▸ What you need to do
Return the data that follows exactly. Include every line.

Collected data
***
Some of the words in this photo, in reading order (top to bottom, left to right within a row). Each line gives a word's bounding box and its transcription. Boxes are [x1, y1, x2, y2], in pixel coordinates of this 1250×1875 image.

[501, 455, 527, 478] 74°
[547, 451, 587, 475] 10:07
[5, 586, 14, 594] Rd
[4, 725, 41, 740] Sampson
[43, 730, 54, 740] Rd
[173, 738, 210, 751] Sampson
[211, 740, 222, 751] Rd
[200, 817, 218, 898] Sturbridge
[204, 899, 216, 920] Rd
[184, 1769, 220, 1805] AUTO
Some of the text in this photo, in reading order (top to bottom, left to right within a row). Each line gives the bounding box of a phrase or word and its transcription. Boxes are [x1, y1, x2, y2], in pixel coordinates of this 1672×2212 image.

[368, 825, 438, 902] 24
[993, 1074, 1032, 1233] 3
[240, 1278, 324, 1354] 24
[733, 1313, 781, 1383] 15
***
▸ Answer for this exercise
Some of the words in this photo, in reading order (top to bottom, left to right within a row). Each line gives a word's bounding box and its transcription. Boxes are [x1, y1, x2, y2], in pixel coordinates of this 1250×1875 image.

[501, 455, 527, 478] 74°
[547, 451, 587, 475] 10:07
[5, 586, 14, 594] Rd
[4, 725, 41, 740] Sampson
[43, 730, 54, 740] Rd
[173, 738, 210, 751] Sampson
[211, 740, 222, 751] Rd
[200, 817, 218, 898] Sturbridge
[204, 899, 216, 920] Rd
[184, 1769, 220, 1805] AUTO
Some of the text in this photo, in reading order (top to bottom, left to right within a row). Each line gives the bounding box of a phrase or word and its transcription. Boxes are [x1, y1, x2, y2], in pixel coordinates of this 1672×2212 image.

[368, 825, 438, 902] 24
[993, 1074, 1032, 1233] 3
[240, 1278, 324, 1354] 24
[733, 1313, 781, 1383] 15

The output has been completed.